My parents somehow missed the whole “health food” craze – in which “whole grain” and “organic” are really code words for expensive and tasteless. In between some home-cooked meals, there were plenty of Cheetos and Yodels, and lots of kisses (both the real and the Hershey kind). We drank Diet Cokes and not a single shot of carrot juice was consumed (or mentioned) all week. Again, amazingly, we survived.
The sun shone every day we were there, yet not a single drop of sunscreen was applied. I had forgotten to bring it. What, you say, you allowed the natural rays of the sun to hit your boys? Call child services immediately! It reminded me of my carefree days at summer camp in the early 70s, when the sun hit your face and it just felt good, as it has for billions of people for tens of thousands of years, BSS – Before Sun Screen.
The kids played, stayed up too late, and bathed when they needed it, not as part of a rigid regimen. Yes, they survived.
I know, I know: car seats are safer (certainly for infants), and multigrain food is probably healthier – but at what cost? Don’t we have taste buds for a reason? I want my kids to LOVE the taste of food!
Visiting the old homestead reminded me of a time when kids were allowed to just be kids. When a strict time limit on TV watching was nonexistent. When we were taught math and science in school, not self-esteem, and where education trumped indoctrination.

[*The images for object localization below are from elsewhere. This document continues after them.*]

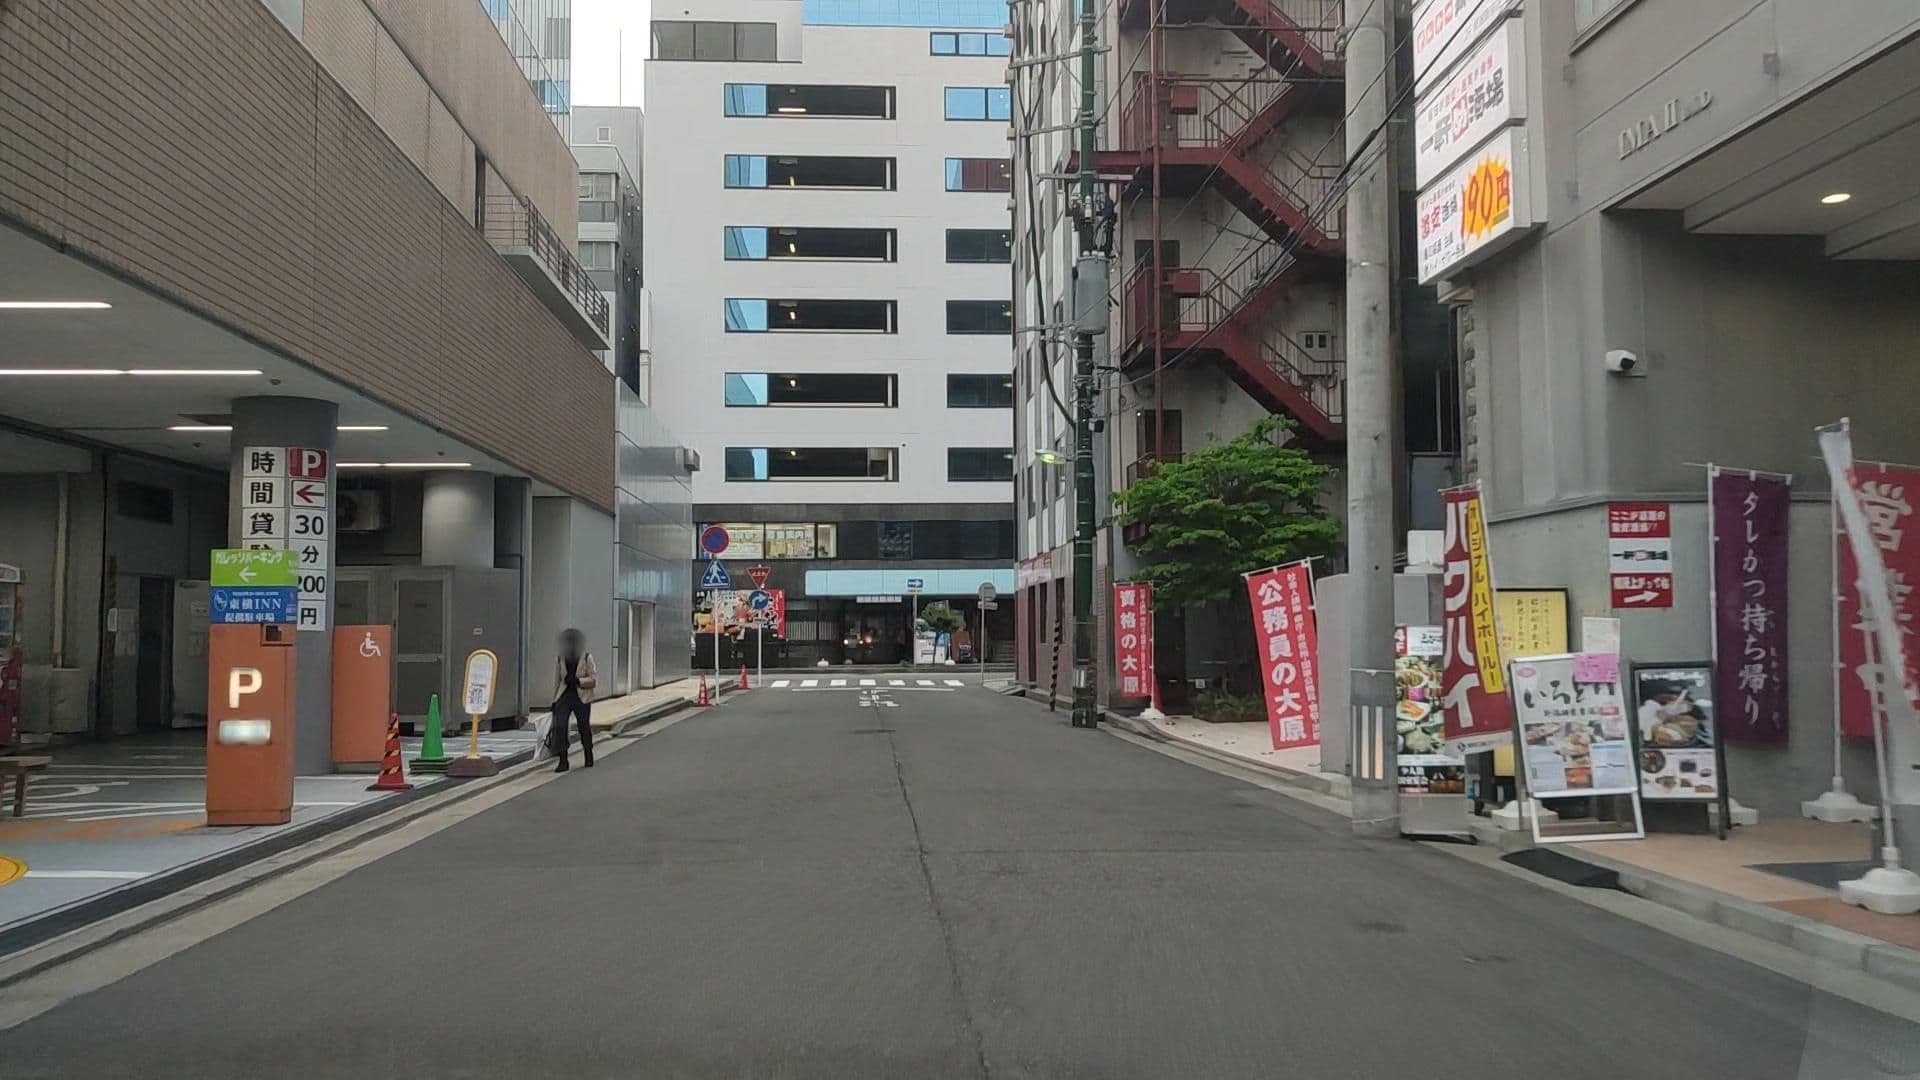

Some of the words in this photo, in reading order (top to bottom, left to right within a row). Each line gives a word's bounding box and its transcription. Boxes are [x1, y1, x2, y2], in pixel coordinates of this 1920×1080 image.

[1461, 164, 1511, 240] 190円
[249, 451, 275, 549] 時間貸
[301, 451, 321, 476] P
[1120, 588, 1139, 693] 資格の大原
[1738, 492, 1768, 725] タレかつ持ち帰り
[228, 667, 264, 709] P
[1257, 578, 1307, 743] 公務員の大原

It was good to see joy, rather than the anxiety that is routinely instilled in our children by a culture (and media) that emphasize all the bad news and minimize all the good, life-affirming news. It was good to be in an environment where common sense, and not pop-psych theories, ruled. It was good to be reminded of a time when “Mommy and Me” meant a mother and her child doing everyday things that brought them closer and not attending a “class” designed to teach every mother and child how to think, speak and behave.
It was good to remember a time when cigarette smoke might have been annoying, but it wasn’t all the rage (quite literally) or the most important thing on the planet. It was good to remember a time when kids ate candy because it tasted good and it’s what kids do. And it was good for my kids to see that the hyper-hysteria that is the stuff of today’s world is not the real world but only – unfortunately – their world.
In a country where half the people are more concerned with global warming than global fascism, I know it will be hard for my kids to have the same less-regulated experience I had growing up. At least Jujyfruits haven’t been targeted yet!